* [EXERCISE PROMPT]
Please return all records verbatim, no pictures.

* [Saved entries]

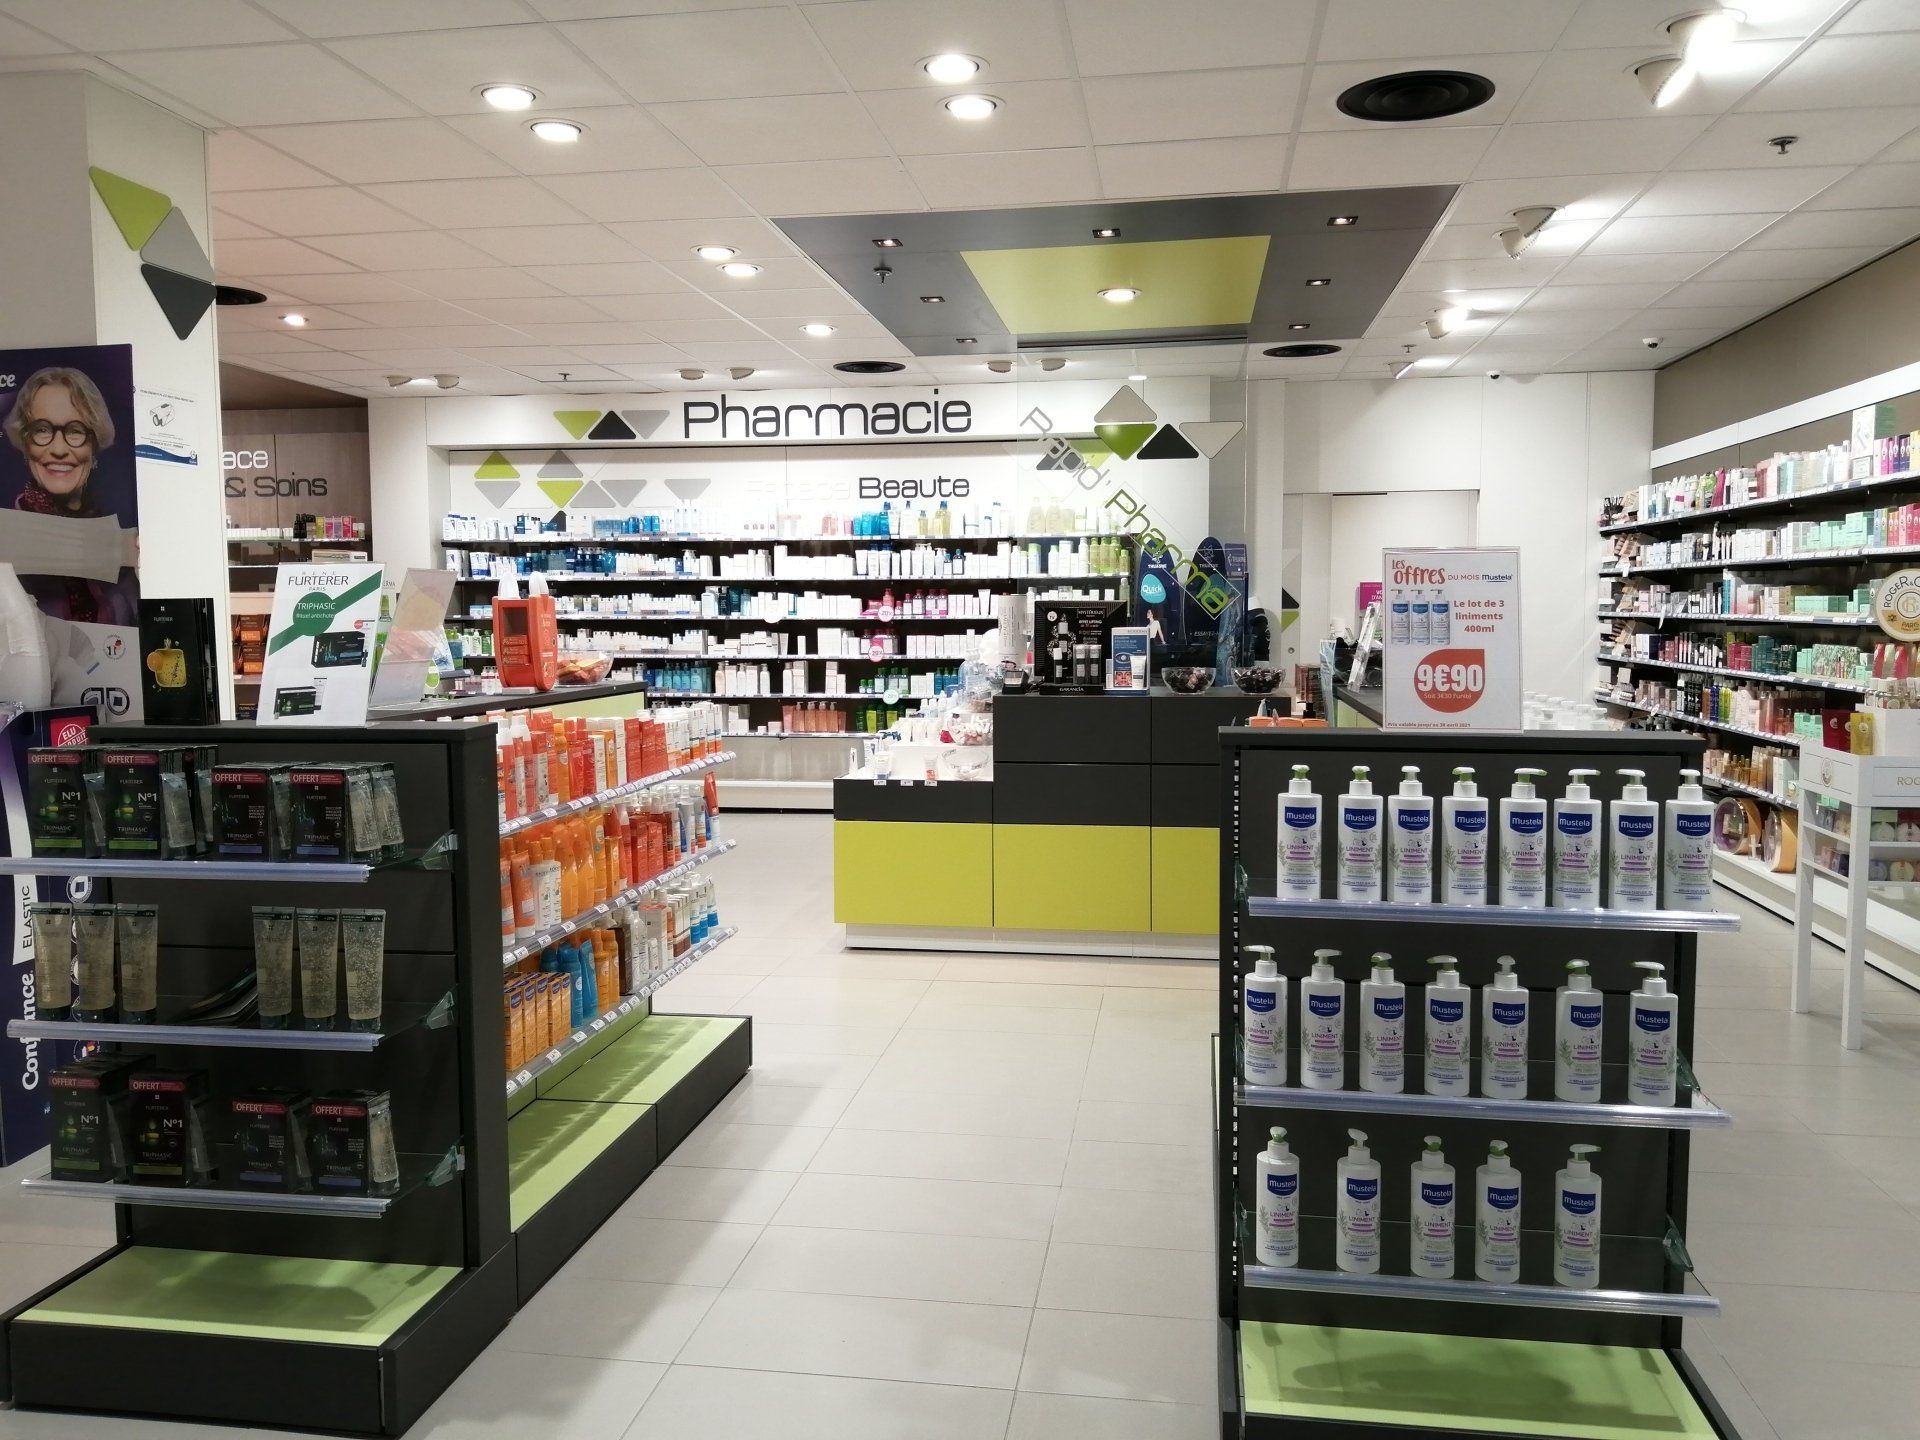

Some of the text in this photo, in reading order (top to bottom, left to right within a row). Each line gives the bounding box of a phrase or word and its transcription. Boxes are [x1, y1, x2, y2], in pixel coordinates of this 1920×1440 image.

[683, 388, 972, 439] Pharmacie
[254, 471, 328, 497] Soins
[858, 475, 970, 499] Beaute
[1104, 489, 1229, 614] Pharma
[1393, 565, 1446, 586] offres
[288, 575, 349, 586] FURTERER
[1884, 576, 1909, 608] ROGER
[297, 602, 337, 611] TRIPHASIC
[1455, 612, 1503, 620] liniments
[1464, 625, 1495, 633] 400ml
[1417, 664, 1483, 692] 9€90
[62, 727, 76, 740] ELU
[31, 755, 57, 763] OFFERT
[107, 755, 134, 764] OFFERT
[214, 773, 242, 782] OFFERT
[292, 774, 320, 783] OFFERT
[1286, 812, 1315, 820] Mustela
[1345, 814, 1375, 822] Mustela
[1400, 815, 1429, 823] Mustela
[1457, 816, 1485, 824] Mustela
[1512, 817, 1542, 825] Mustela
[1559, 818, 1591, 826] Mustela
[1620, 820, 1652, 829] Mustela
[1679, 819, 1710, 828] Mustela
[22, 885, 32, 949] ELASTIC
[1247, 995, 1274, 1005] Mustela
[1311, 1000, 1340, 1009] Mustela
[1376, 1003, 1403, 1011] Mustela
[1432, 1005, 1462, 1015] Mustela
[1494, 1008, 1525, 1016] Mustela
[1573, 1011, 1600, 1019] Mustela
[1637, 1014, 1668, 1024] Mustela
[51, 1078, 76, 1086] OFFERT
[132, 1081, 159, 1090] OFFERT
[235, 1103, 262, 1112] OFFERT
[315, 1106, 342, 1115] OFFERT
[1269, 1180, 1296, 1188] Mustela
[1348, 1183, 1377, 1192] Mustela
[1423, 1189, 1452, 1197] Mustela
[1489, 1193, 1518, 1201] Mustela
[1564, 1197, 1595, 1207] Mustela
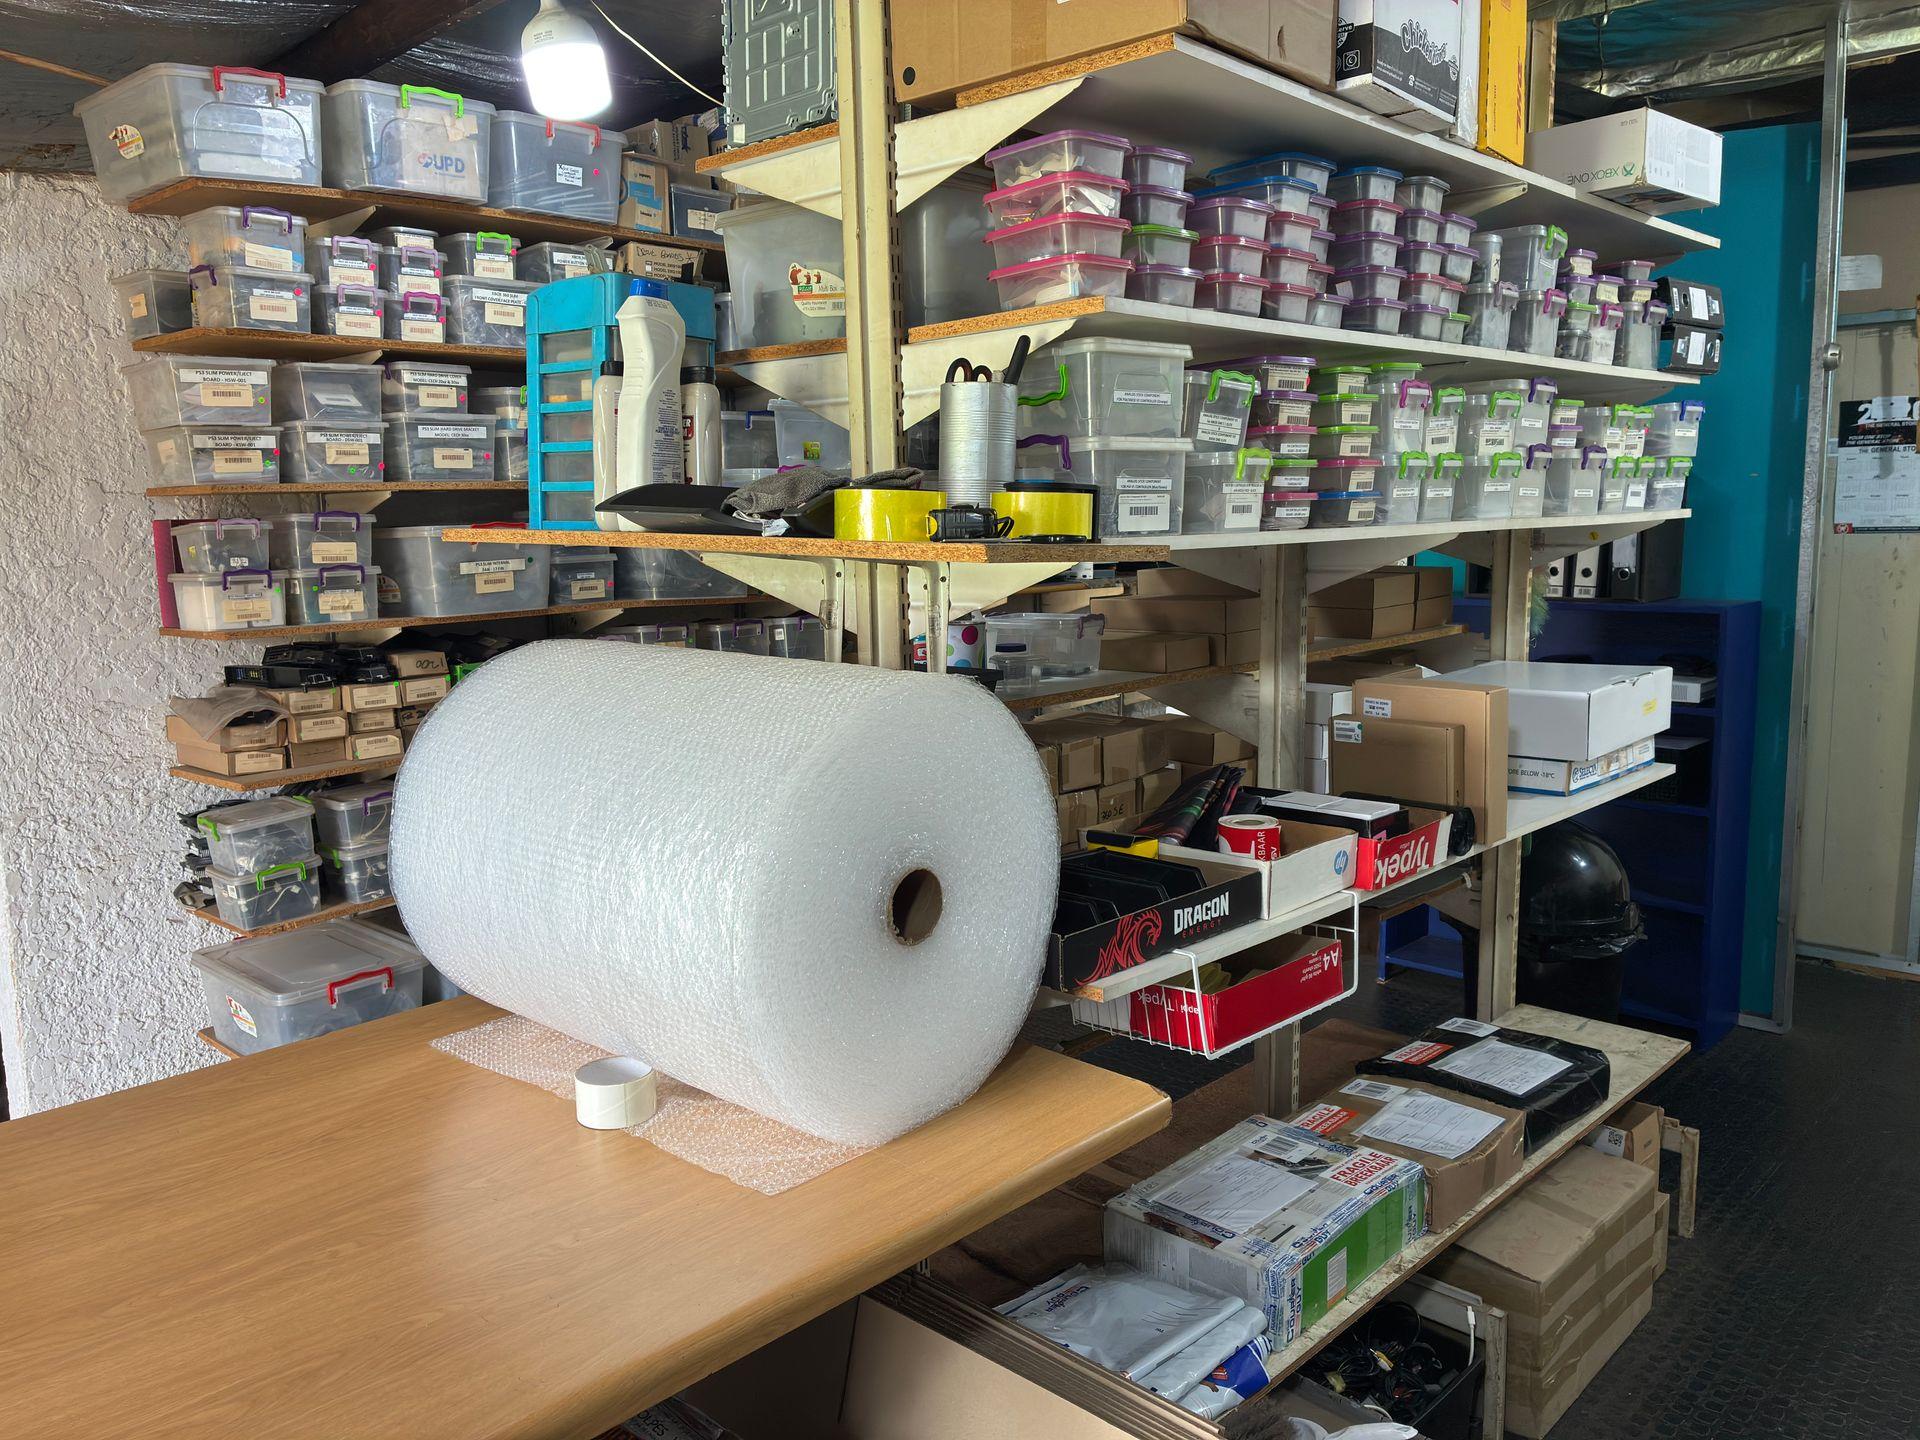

* [TASK OUTPUT]
Some of the text in this photo, in reading order (top to bottom, left to right within a row). Each line gives the bounding box of a phrase or word and its transcription. Boxes are [x1, y1, x2, y2], in pixel coordinates of this 1920×1440 image.

[683, 388, 972, 439] Pharmacie
[254, 471, 328, 497] Soins
[858, 475, 970, 499] Beaute
[1104, 489, 1229, 614] Pharma
[1393, 565, 1446, 586] offres
[288, 575, 349, 586] FURTERER
[1884, 576, 1909, 608] ROGER
[297, 602, 337, 611] TRIPHASIC
[1455, 612, 1503, 620] liniments
[1464, 625, 1495, 633] 400ml
[1417, 664, 1483, 692] 9€90
[62, 727, 76, 740] ELU
[31, 755, 57, 763] OFFERT
[107, 755, 134, 764] OFFERT
[214, 773, 242, 782] OFFERT
[292, 774, 320, 783] OFFERT
[1286, 812, 1315, 820] Mustela
[1345, 814, 1375, 822] Mustela
[1400, 815, 1429, 823] Mustela
[1457, 816, 1485, 824] Mustela
[1512, 817, 1542, 825] Mustela
[1559, 818, 1591, 826] Mustela
[1620, 820, 1652, 829] Mustela
[1679, 819, 1710, 828] Mustela
[22, 885, 32, 949] ELASTIC
[1247, 995, 1274, 1005] Mustela
[1311, 1000, 1340, 1009] Mustela
[1376, 1003, 1403, 1011] Mustela
[1432, 1005, 1462, 1015] Mustela
[1494, 1008, 1525, 1016] Mustela
[1573, 1011, 1600, 1019] Mustela
[1637, 1014, 1668, 1024] Mustela
[51, 1078, 76, 1086] OFFERT
[132, 1081, 159, 1090] OFFERT
[235, 1103, 262, 1112] OFFERT
[315, 1106, 342, 1115] OFFERT
[1269, 1180, 1296, 1188] Mustela
[1348, 1183, 1377, 1192] Mustela
[1423, 1189, 1452, 1197] Mustela
[1489, 1193, 1518, 1201] Mustela
[1564, 1197, 1595, 1207] Mustela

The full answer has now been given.